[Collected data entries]
Segment Open

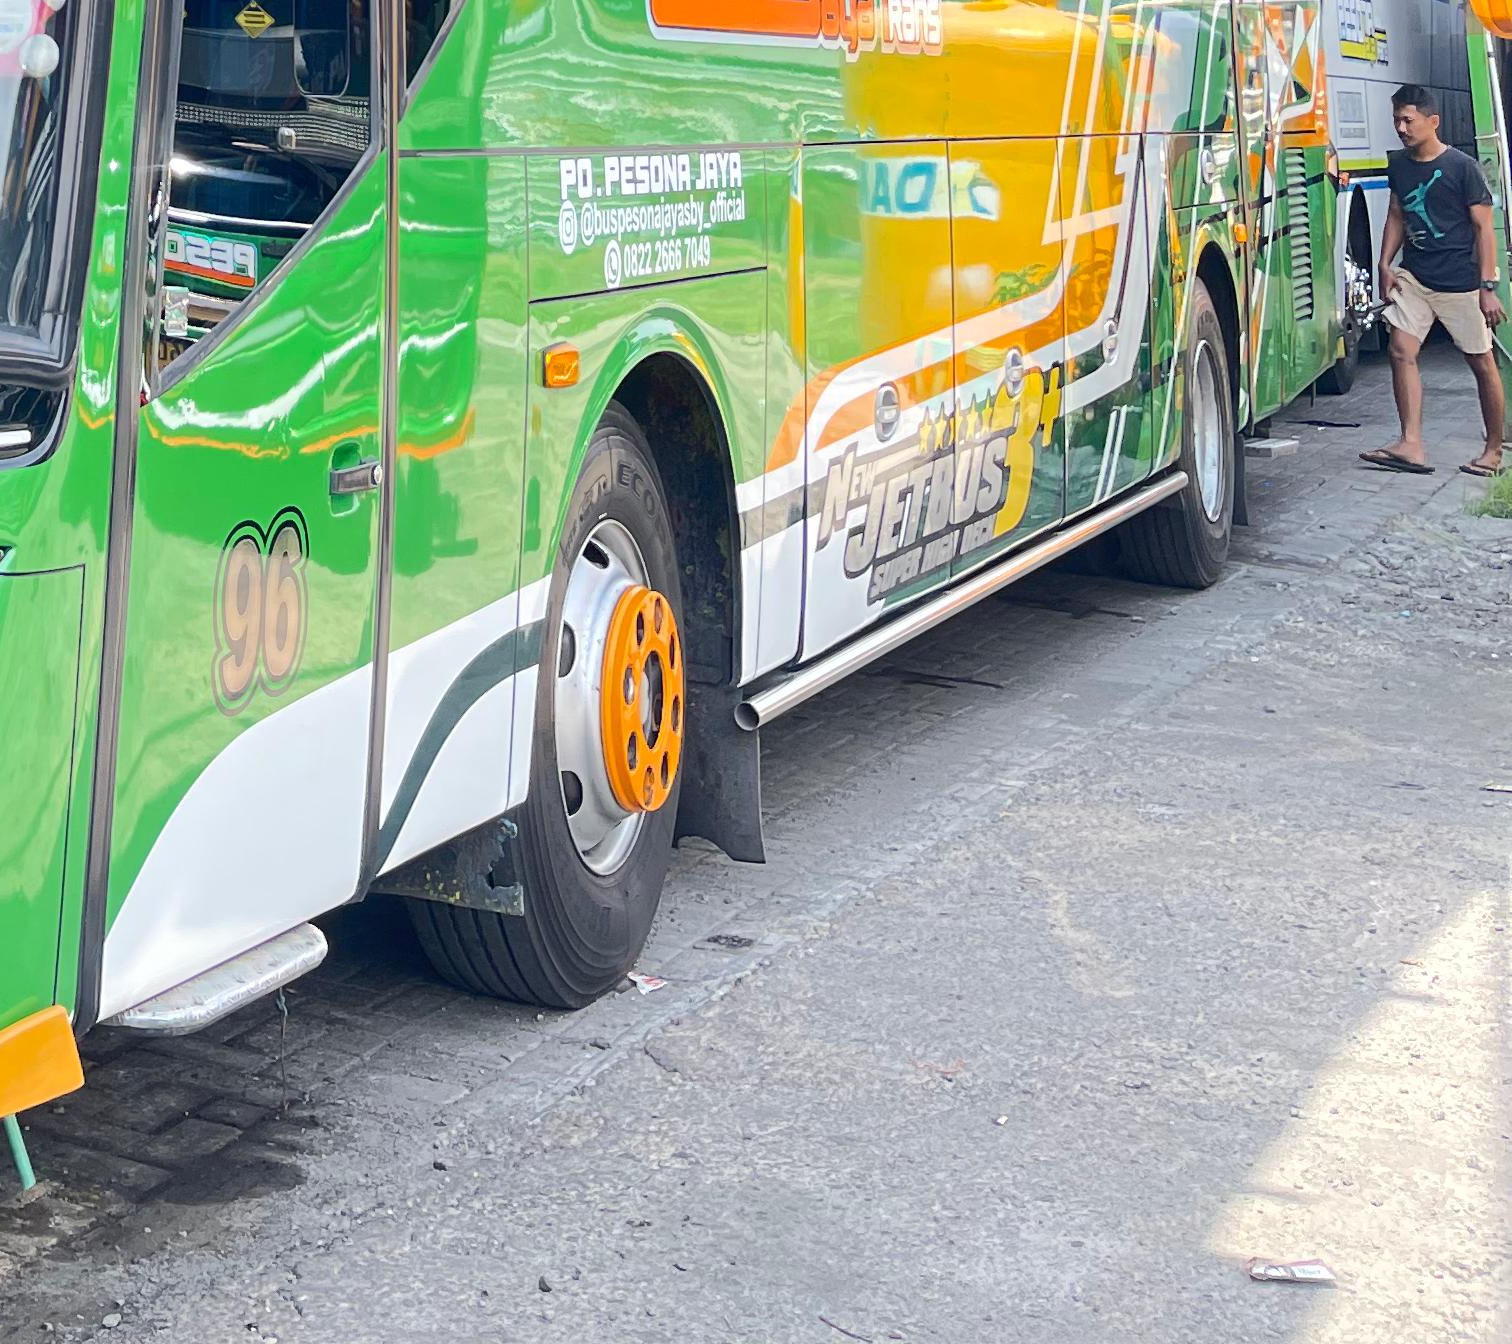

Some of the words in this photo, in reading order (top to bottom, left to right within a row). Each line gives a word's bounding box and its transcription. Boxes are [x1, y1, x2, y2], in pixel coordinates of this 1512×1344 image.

[695, 151, 742, 191] JAYA
[580, 190, 746, 247] @buspesonajayasby_official
[623, 242, 652, 278] 0822
[655, 238, 682, 273] 2666
[685, 235, 711, 269] 7049
[843, 435, 1009, 578] JETBUS
[212, 506, 310, 717] 96

Segment Closed

WORK TO BE COMPLETED: Please reproduce the entries from above exactly; images are not part of the copy.

TASK ANSWER:
Some of the words in this photo, in reading order (top to bottom, left to right within a row). Each line gives a word's bounding box and its transcription. Boxes are [x1, y1, x2, y2], in pixel coordinates of this 1512×1344 image.

[695, 151, 742, 191] JAYA
[580, 190, 746, 247] @buspesonajayasby_official
[623, 242, 652, 278] 0822
[655, 238, 682, 273] 2666
[685, 235, 711, 269] 7049
[843, 435, 1009, 578] JETBUS
[212, 506, 310, 717] 96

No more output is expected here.